Single by Pablo Alborán

from the album Prometo
- Released: 8 September 2017
- Length: 4:13
- Label: Warner Music Spain
- Songwriter(s): Pablo Alborán
- Producer(s): Julio Reyes Copello

Pablo Alborán singles chronology
| "Dónde está el Amor" (2016) | "Saturno" (2017) | "No Vaya a Ser" (2017) |

= Saturno (song) =

"Saturno" is a song recorded by Spanish singer-songwriter Pablo Alborán for his fourth studio album Prometo (2017). The song was released worldwide on 8 September 2017, by Warner Music Spain as the album's first single.

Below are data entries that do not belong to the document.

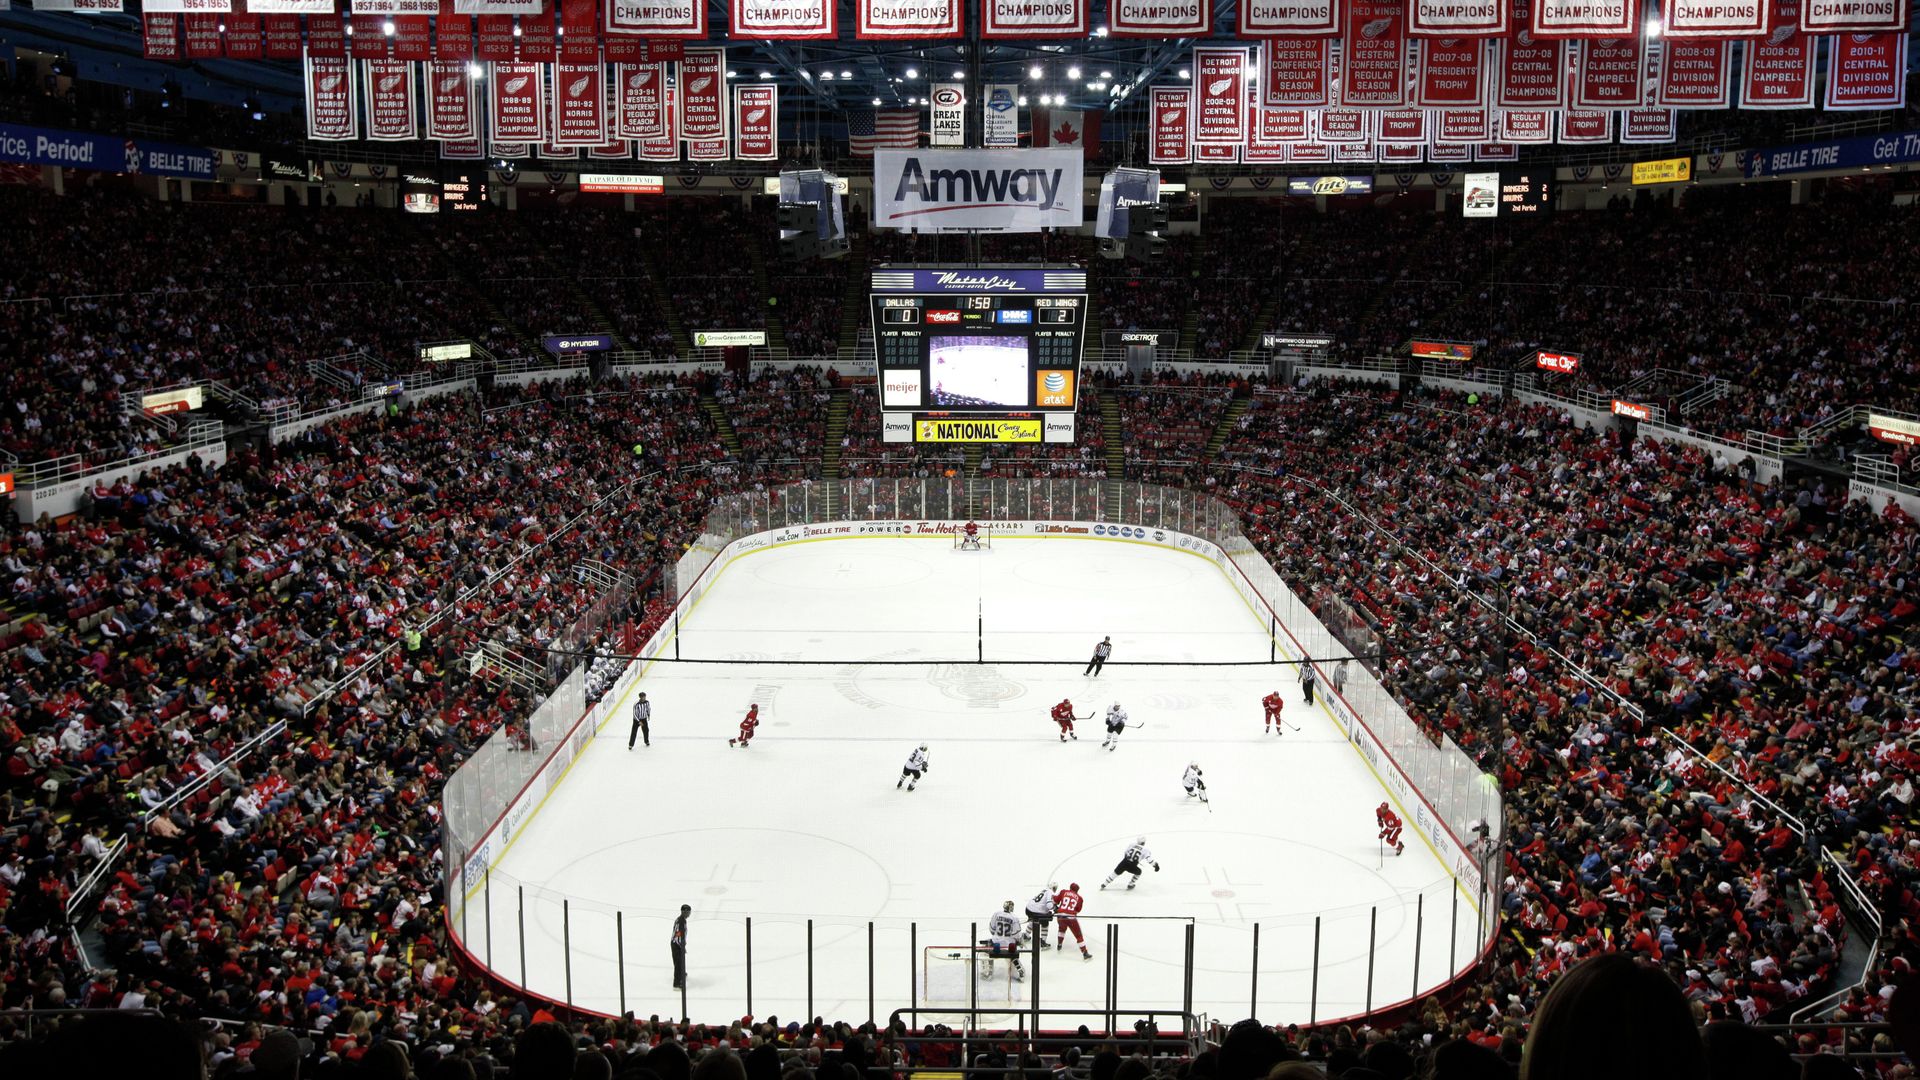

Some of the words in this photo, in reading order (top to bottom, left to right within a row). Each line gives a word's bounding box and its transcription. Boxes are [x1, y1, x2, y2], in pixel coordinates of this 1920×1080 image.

[355, 0, 393, 10] 1957-1964
[1814, 3, 1893, 16] CHAMPIONS
[616, 7, 691, 20] CHAMPIONS
[745, 8, 822, 20] CHAMPIONS
[873, 6, 948, 19] CHAMPIONS
[998, 4, 1073, 17] CHAMPIONS
[1123, 6, 1197, 18] CHAMPIONS
[1253, 7, 1328, 18] CHAMPIONS
[1353, 7, 1371, 16] RED
[1374, 7, 1401, 15] WINGS
[1420, 5, 1495, 18] CHAMPIONS
[1546, 7, 1622, 18] CHAMPIONS
[1677, 7, 1755, 19] CHAMPIONS
[1278, 41, 1317, 49] 2006-07
[1356, 41, 1395, 49] 2007-08
[1278, 51, 1317, 59] WESTERN
[1356, 51, 1395, 60] WESTERN
[1513, 50, 1552, 58] 2007-08
[1592, 49, 1633, 57] 2007-08
[1675, 48, 1715, 57] 2008-09
[1760, 47, 1800, 56] 2008-09
[1850, 47, 1884, 56] 2010-11
[1433, 54, 1472, 62] 2007-08
[1272, 61, 1322, 69] CONFERENCE
[1351, 61, 1399, 69] CONFERENCE
[1512, 63, 1552, 71] CENTRAL
[1588, 62, 1636, 70] CLARENCE
[1674, 60, 1715, 70] CENTRAL
[1755, 60, 1804, 69] CLARENCE
[1844, 59, 1888, 69] CENTRAL
[1278, 71, 1316, 80] REGULAR
[1355, 72, 1393, 80] REGULAR
[1511, 75, 1552, 84] DIVISION
[1587, 75, 1636, 83] CAMPBELL
[1672, 73, 1715, 82] DIVISION
[1754, 73, 1802, 82] CAMPBELL
[1843, 72, 1889, 82] DIVISION
[1280, 82, 1314, 90] SEASON
[1357, 82, 1391, 90] SEASON
[1435, 81, 1468, 89] TROPHY
[1764, 85, 1789, 94] BOWL
[1506, 88, 1557, 96] CHAMPIONS
[1598, 88, 1623, 96] BOWL
[1668, 85, 1719, 95] CHAMPIONS
[1838, 85, 1893, 95] CHAMPIONS
[1272, 92, 1321, 101] CHAMPIONS
[1349, 92, 1398, 101] CHAMPIONS
[1205, 98, 1235, 106] 2002-03
[934, 110, 961, 119] GREAT
[564, 119, 596, 127] DIVISION
[934, 120, 961, 129] LAKES
[685, 125, 720, 133] CHAMPIONS
[1200, 127, 1239, 135] CHAMPIONS
[561, 130, 600, 138] CHAMPIONS
[36, 136, 93, 162] Period!
[1873, 137, 1899, 160] Get
[149, 151, 185, 171] BELLE
[187, 155, 210, 173] TIRE
[1772, 151, 1812, 170] BELLE
[1812, 146, 1840, 164] TIRE
[894, 157, 1064, 210] Amway
[1503, 185, 1529, 193] RANGERS
[1542, 184, 1548, 192] 2
[1503, 194, 1524, 202] BRUINS
[886, 299, 915, 307] DALLAS
[968, 297, 991, 309] 1:58
[1055, 299, 1078, 307] WINGS
[902, 310, 911, 321] 0
[933, 311, 960, 321] Coca-Cola
[1002, 310, 1028, 319] DMC
[1057, 310, 1066, 321] 2
[571, 340, 599, 348] HYUNDAI
[1539, 353, 1558, 367] Great
[886, 382, 918, 394] meijer
[1043, 395, 1066, 405] at&t
[885, 423, 911, 432] Amway
[938, 424, 998, 439] NATIONAL
[1010, 428, 1039, 439] Island
[1047, 423, 1072, 432] Amway
[1852, 483, 1863, 492] 208
[35, 490, 47, 500] 220
[811, 527, 833, 535] BELLE
[834, 526, 851, 534] TIRE
[859, 526, 901, 534] POWER
[916, 522, 934, 534] Tim
[1044, 524, 1062, 534] Little
[1063, 525, 1088, 534] Caesars
[776, 533, 799, 542] NHL.COM
[511, 795, 532, 827] Oakwood
[1127, 848, 1142, 861] 36
[1060, 897, 1078, 911] 93
[996, 921, 1011, 937] 32

The song is the main theme of the Mexican telenovela Caer en tentación.

==Charts==

| Chart (2017) | Peak position |
|---|---|
| Spain (PROMUSICAE) | 16 |

==Certifications==

| Region | Certification | Certified units/sales |
| Spain (PROMUSICAE) | 3× Platinum | 180,000^{‡} |
| United States (RIAA) | 3× Platinum (Latin) | 180,000^{‡} |
Streaming
| Chile (PROFOVI) | Gold | 12,000,000 |
^{‡} Sales+streaming figures based on certification alone.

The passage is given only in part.